Plaintiff readily concedes it customarily operated trains of this nature at the speed at which the train in question was traveling on the date of the accident and further acknowledges that a northbound train traveling at such speed cannot be stopped within the range of the engineer’s vision of the crossing. Plaintiff relies, however, on the established jurisprudence establishing the “open country rule”.
We readily concede the soundness of the rule of the Blackburn case but find that it has no application here for the reason that the facts in the cited decision are clearly distinguishable from those in the case at bar. In the Blackburn case, supra, defendant’s train ran over an intoxicated person lying upon railroad tracks approximately 100 feet south of the depot in an incorporated municipality, the accident occurring in the early morning hours.
In discussing the difference between the legal principle which permits high speed operation of trains outside urban areas without stopping or slowing down for grade crossings as distinguished from the more rigid rule applicable to the speed at which motor vehicles shall be operated upon the public highway, the Court in the Ledet case made the following pronouncements which we herein cite with approval as follows :
“ * * * The difference lies in the fact that, because the railroad right of way is privately owned, there is much less danger that some one or some article of property will be caught helplessly upon the track. On the public highway there are certain to be other vehicles behind and before each and every other car, and consequently there is more than a possibility — in fact, there is probability and almost a certainty, that continuously situations will arise which will require the stopping or the slowing down of every motor vehicle on the road. Consequently each must be operated at such speed as will permit of compliance by its driver with the rule which requires him to stop before striking a vehicle which may be ahead of him on the road.
“This is not so on the right of way of a railroad. Such possibilities as caused the accident in this case occur only at crossings and only very rarely, since they result either from the intoxication of the man who is helpless on the track or from the fact that the automobile, because of its own defects, has stalled upon the track. Such crossings are usually protected by automatic signals of various kinds and, as a result, all persons who find it necessary to cross the tracks are able to anticipate the appearance of trains and to remain in a position of safety except in the extremely rare cases where their vehicles cannot be removed from positions of danger. It is only in these extremely rare situations that a slowing down of the speed of the train would be of importance, and these occasions are so rare that the general necessity for speed overrides the very infrequent necessity for reduction of speed at these isolated crossings.”
Somewhat analogous to the case presently before us is that of Stelly v. Texas & N. O. R. Co., La.App., 49 So.2d 640, which involved a grade crossing accident at a railroad-highway intersection on the paved New Iberia-Abbeville Highway which crossing was protected by “Stop Sign” only. Plaintiff therein contended that protecting such a grade crossing by “stop sign” only constituted negligence. In rejecting plaintiff’s contention, the court therein stated:
“We fail to perceive said crossing as an ‘extremely dangerous one’, as is contended by plaintiff. Although every railway crossing is, in a sense, dangerous, the evidence indicates that Bran-non Crossing was no more than a ‘typical rural crossing.’ The record shows that approximately 1400 cars passed the crossing each day, and six trains passed the crossing each day. The record further indicates that there is no appreciable curve in either the railroad track or the highway for a distance of some quarter of a mile from the crossing. No buildings are*914 situated near the tracks so as to afford any appreciable obstruction of view along the railroad track. * * ”

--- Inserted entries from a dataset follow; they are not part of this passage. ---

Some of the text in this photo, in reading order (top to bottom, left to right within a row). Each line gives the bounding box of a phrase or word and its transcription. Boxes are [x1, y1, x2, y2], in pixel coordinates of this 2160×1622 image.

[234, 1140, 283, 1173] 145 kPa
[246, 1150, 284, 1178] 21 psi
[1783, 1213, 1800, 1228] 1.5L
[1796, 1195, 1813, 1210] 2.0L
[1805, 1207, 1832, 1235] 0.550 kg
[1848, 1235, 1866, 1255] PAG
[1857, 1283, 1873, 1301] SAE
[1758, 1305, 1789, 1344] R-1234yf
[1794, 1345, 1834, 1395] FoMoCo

Eggleston v. Louisiana & A. Ry. Co., La.App., 192 So. 774, involved a grade crossing accident at an intersection of the Shreveport-Alexandria Highway and defendant’s tracks just outside the corporate limits of Bossier City. The crossing in question was not protected by a flasher light signal but by “stop sign” only. It appears that a daily volume of approximately 5500 motor vehicles passed over the crossing in question. Admittedly the Eggleston case is somewhat different from the case at bar in that it involved an accident occurring within the railroad yards wherein the railway company had imposed a regulation of reduced speed. It was not shown therein that a speed of ten miles per hour was excessive despite the daily volume of vehicular traffic over the crossing and the lack of an automatic warning system.

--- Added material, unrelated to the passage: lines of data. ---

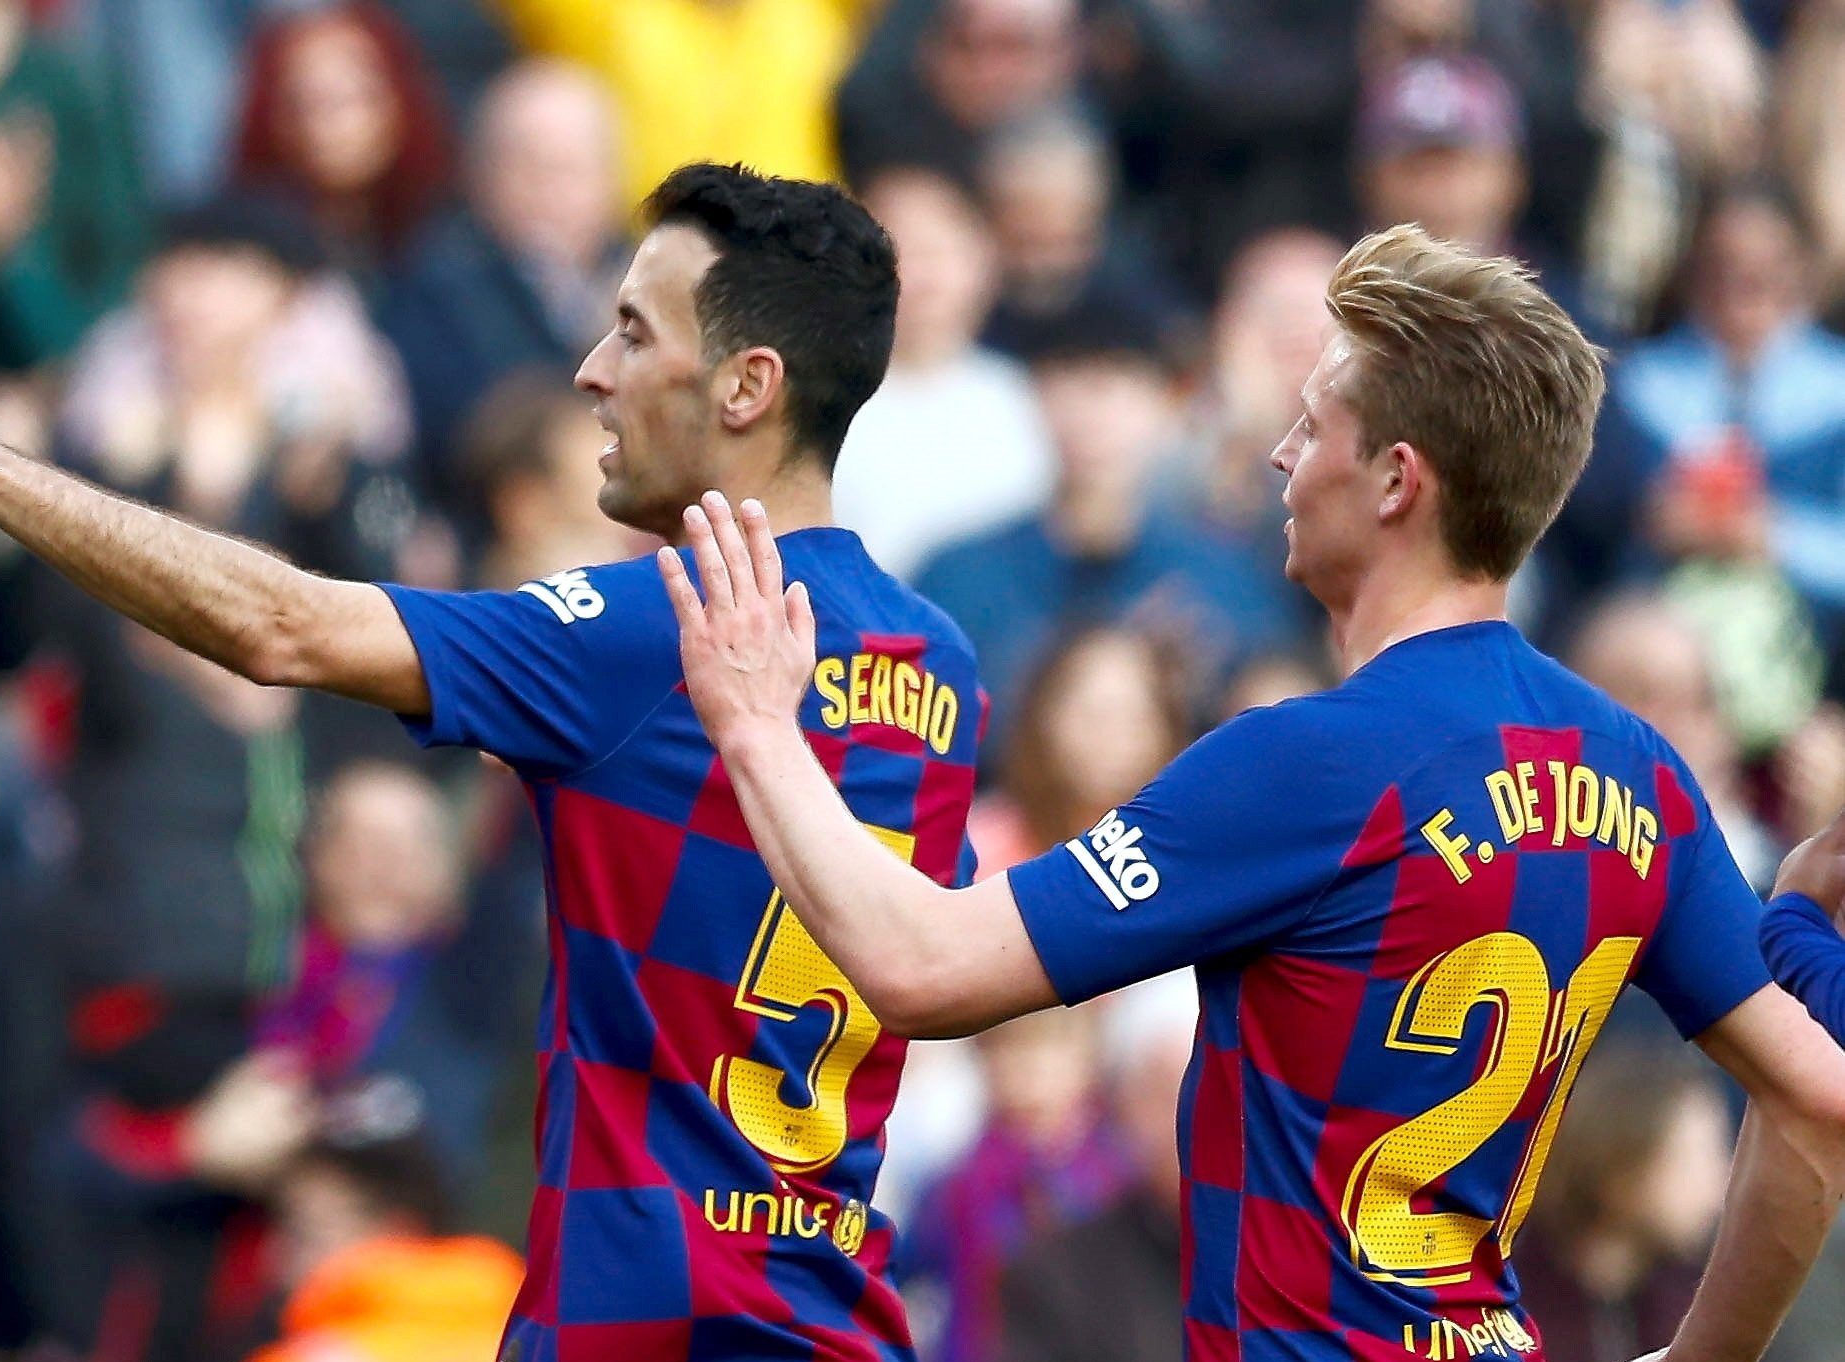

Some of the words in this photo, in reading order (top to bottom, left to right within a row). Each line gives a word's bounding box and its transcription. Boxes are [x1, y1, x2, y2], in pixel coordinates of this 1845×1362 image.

[813, 653, 959, 755] SERGIO
[1420, 807, 1495, 885] F.
[1484, 761, 1544, 845] DE
[1547, 760, 1659, 881] JONG
[708, 823, 916, 1174] 5
[1339, 931, 1643, 1287] 21
[704, 1180, 834, 1239] unic
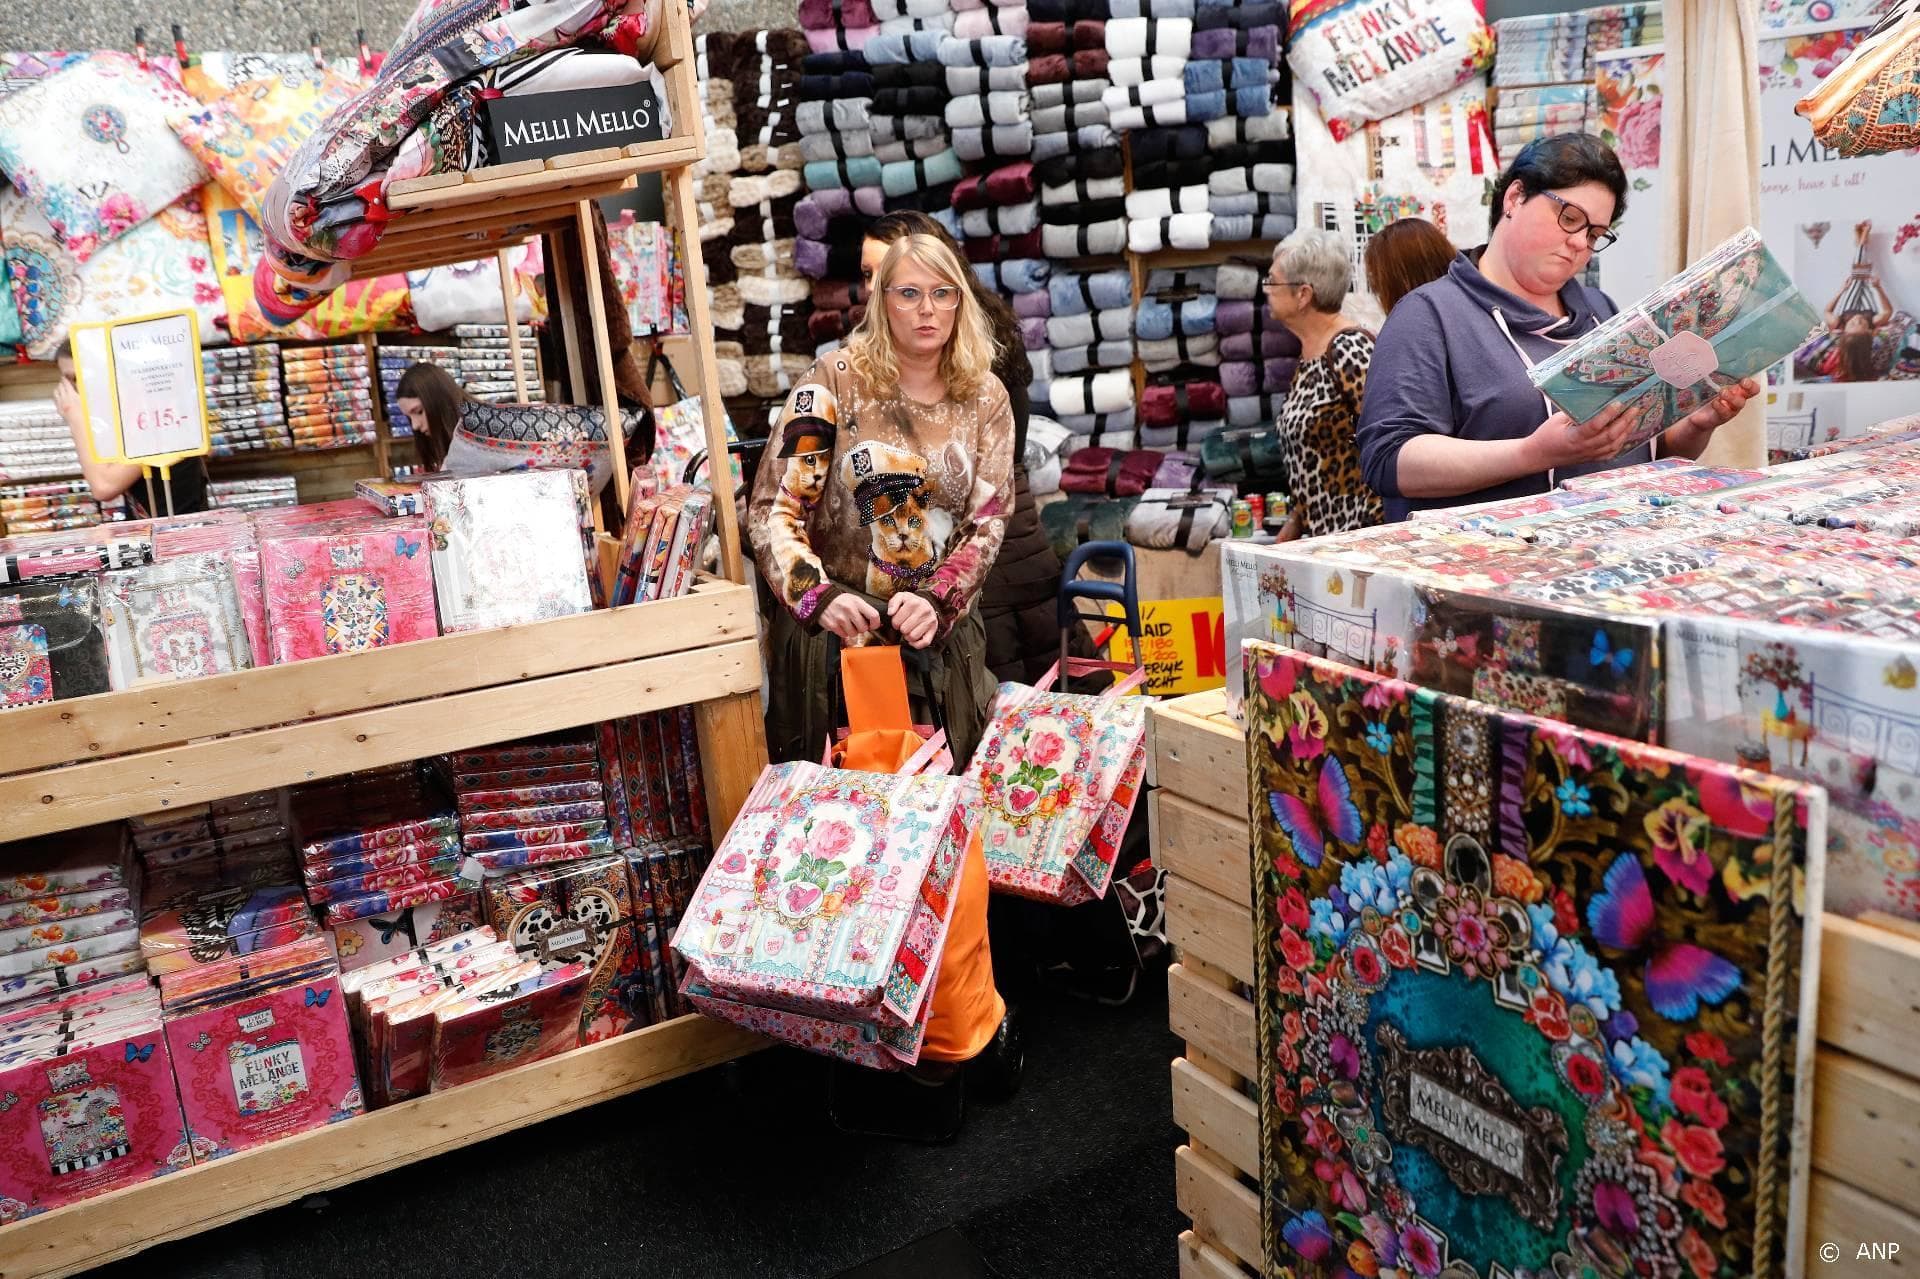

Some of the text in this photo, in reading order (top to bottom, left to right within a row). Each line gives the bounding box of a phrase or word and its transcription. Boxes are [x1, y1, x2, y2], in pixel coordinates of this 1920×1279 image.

[1322, 16, 1456, 97] MELANGE
[504, 118, 571, 147] MELLI
[240, 1061, 300, 1090] MELANGE
[243, 1050, 290, 1073] FUNKY
[1416, 1090, 1518, 1159] MELLI MELLO

The .record in the instant case convinces us beyond doubt that the crossing in question was not a congested area in which persons or vehicles may be reasonably expected to congregate. As previously shown, the crossing at which this accident occurred is not situated near a municipality but rather in what appears to be an undeveloped, wooded .rural area devoid of houses or other structures within a distance of at least several hundred feet thereof in either direction. Plaintiff railroad cannot be reasonably expected to anticipate that persons will congregate upon o,r near a crossing thus remotely situated. While it is true that a volume of slightly in excess of 3,000 vehicles are shown to pass over the crossing daily, such flow of traffic alone does not, in our opinion, standing alone, deprive plaintiff railroad of the benefit of the “open country .rule”. Although plaintiff railroad may anticipate the daily passage of a rather large number of vehicles over its said crossing it cannot, in view of the remoteness of the area, be held to reasonably expect a congregation of vehicles on or near its tracks at this particular point. Emergencies excepted, there appears very little likelihood or reasons for vehicles to stop in the vicinity of this particular crossing. The crossing in question is protected not only by “Stop Signs” but also by electric warning signal which gives adequate and timely warning of the approach of plaintiff’s trains. The only danger to crossing vehicles lies in those rare instances wherein a vehicle stalls upon the tracks. In the instant case the signal device was properly functioning and enabled defendant Scogins to abandon his truck in time to avoid injury to his person. That the truck was damaged' is no fault of plaintiff railroad.
The financial plight of modern day railroads is a matter of public knowledge and concern. Their ability to remain competitive in the transportation industry in order to maintain their existence which is so vital to our national welfare, is directly related to the rapidity at which they can transport freight as well as passengers. While they will not be permitted to recklessly endanger lives and property by operating trains at excessive speeds where caution is demanded by the attending circumstances, neither will they be impeded from maintaining competitive schedules by requiring that speed be reduced solely to guard against rarely occurring emergencies. In such latter instances the general necessity for speed supersedes the infrequent necessity for reduction of speed over crossings which are adequately protected by warning devices.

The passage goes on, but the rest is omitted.